**Work instructions:**
Would you print the records below word for word, without the pictures?
++++++++
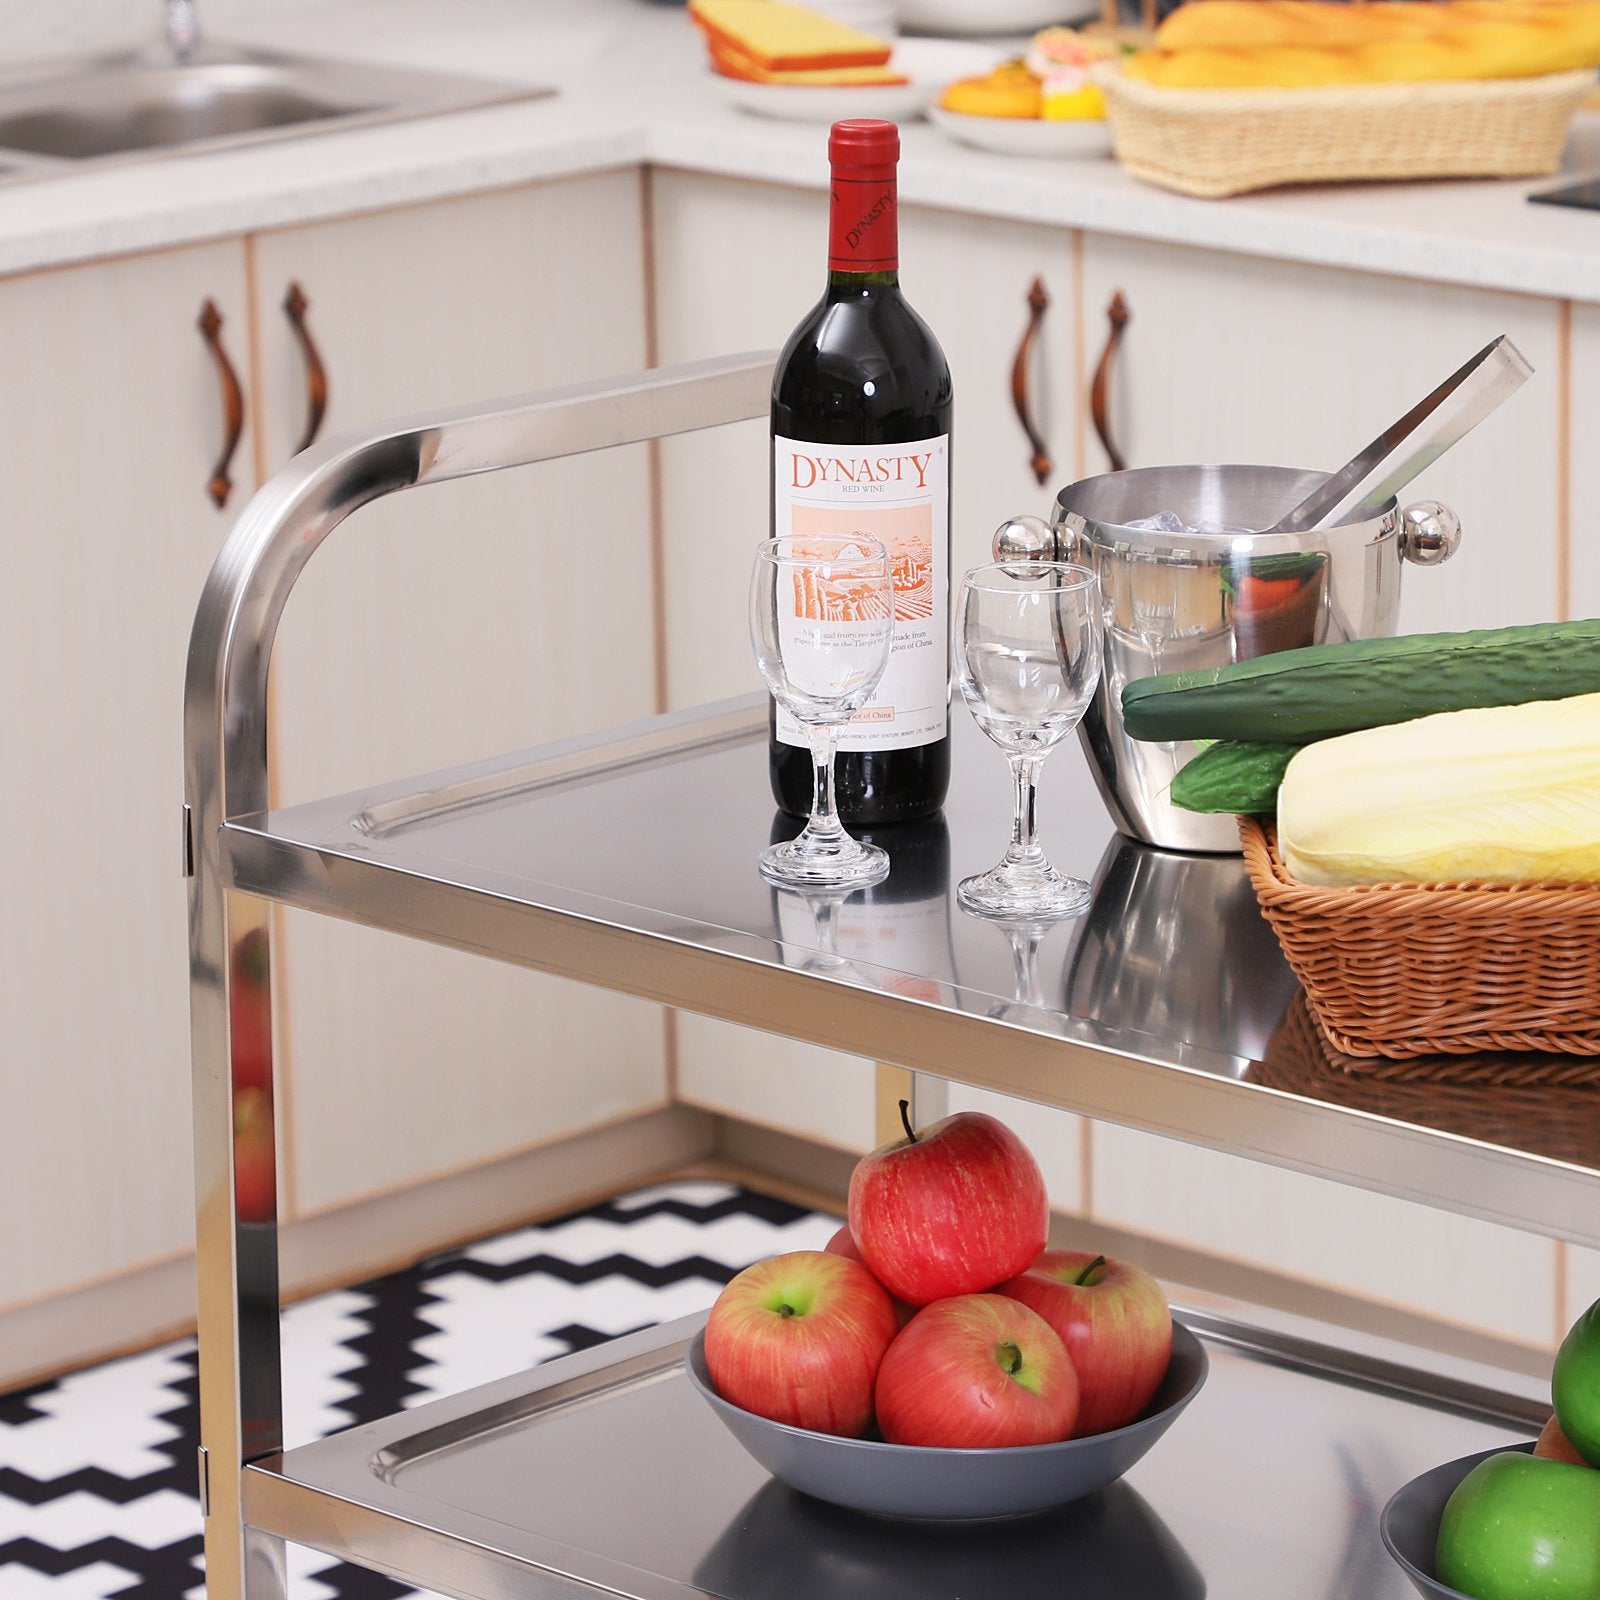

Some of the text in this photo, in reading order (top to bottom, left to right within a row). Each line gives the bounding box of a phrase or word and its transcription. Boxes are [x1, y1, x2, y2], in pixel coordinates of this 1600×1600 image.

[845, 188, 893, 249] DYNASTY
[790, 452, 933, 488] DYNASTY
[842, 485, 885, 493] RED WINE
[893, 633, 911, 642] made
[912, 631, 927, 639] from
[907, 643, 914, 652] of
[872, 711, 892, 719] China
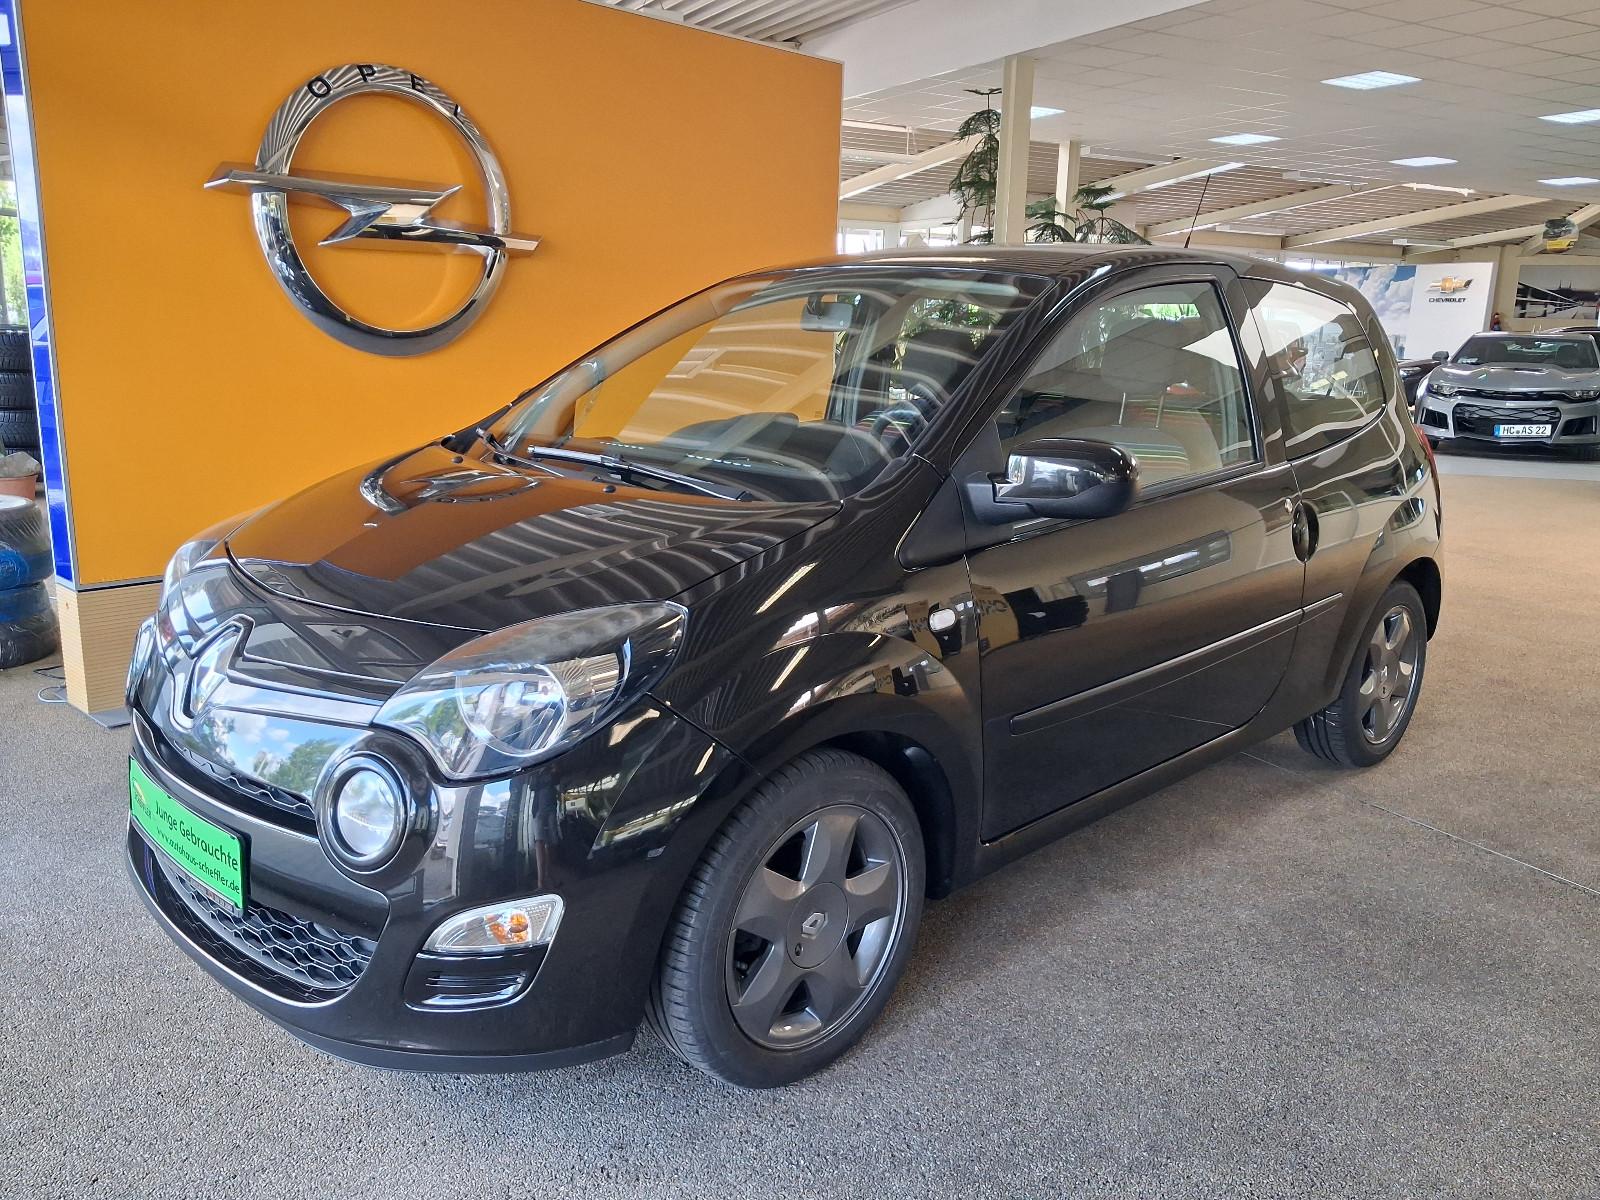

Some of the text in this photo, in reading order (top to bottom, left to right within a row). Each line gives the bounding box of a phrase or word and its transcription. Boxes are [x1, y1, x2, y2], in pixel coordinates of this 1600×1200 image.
++++++++
**Problem solution:**
Some of the text in this photo, in reading order (top to bottom, left to right within a row). Each line gives the bounding box of a phrase or word and its transcription. Boxes are [x1, y1, x2, y2], in pixel coordinates of this 1600×1600 image.

[845, 188, 893, 249] DYNASTY
[790, 452, 933, 488] DYNASTY
[842, 485, 885, 493] RED WINE
[893, 633, 911, 642] made
[912, 631, 927, 639] from
[907, 643, 914, 652] of
[872, 711, 892, 719] China

Some of the text in this photo, in reading order (top to bottom, left to right within a row). Each line gives the bounding box of a phrase or word and its transcription. Boxes are [x1, y1, x2, y2], in pixel coordinates of this 1600×1200 image.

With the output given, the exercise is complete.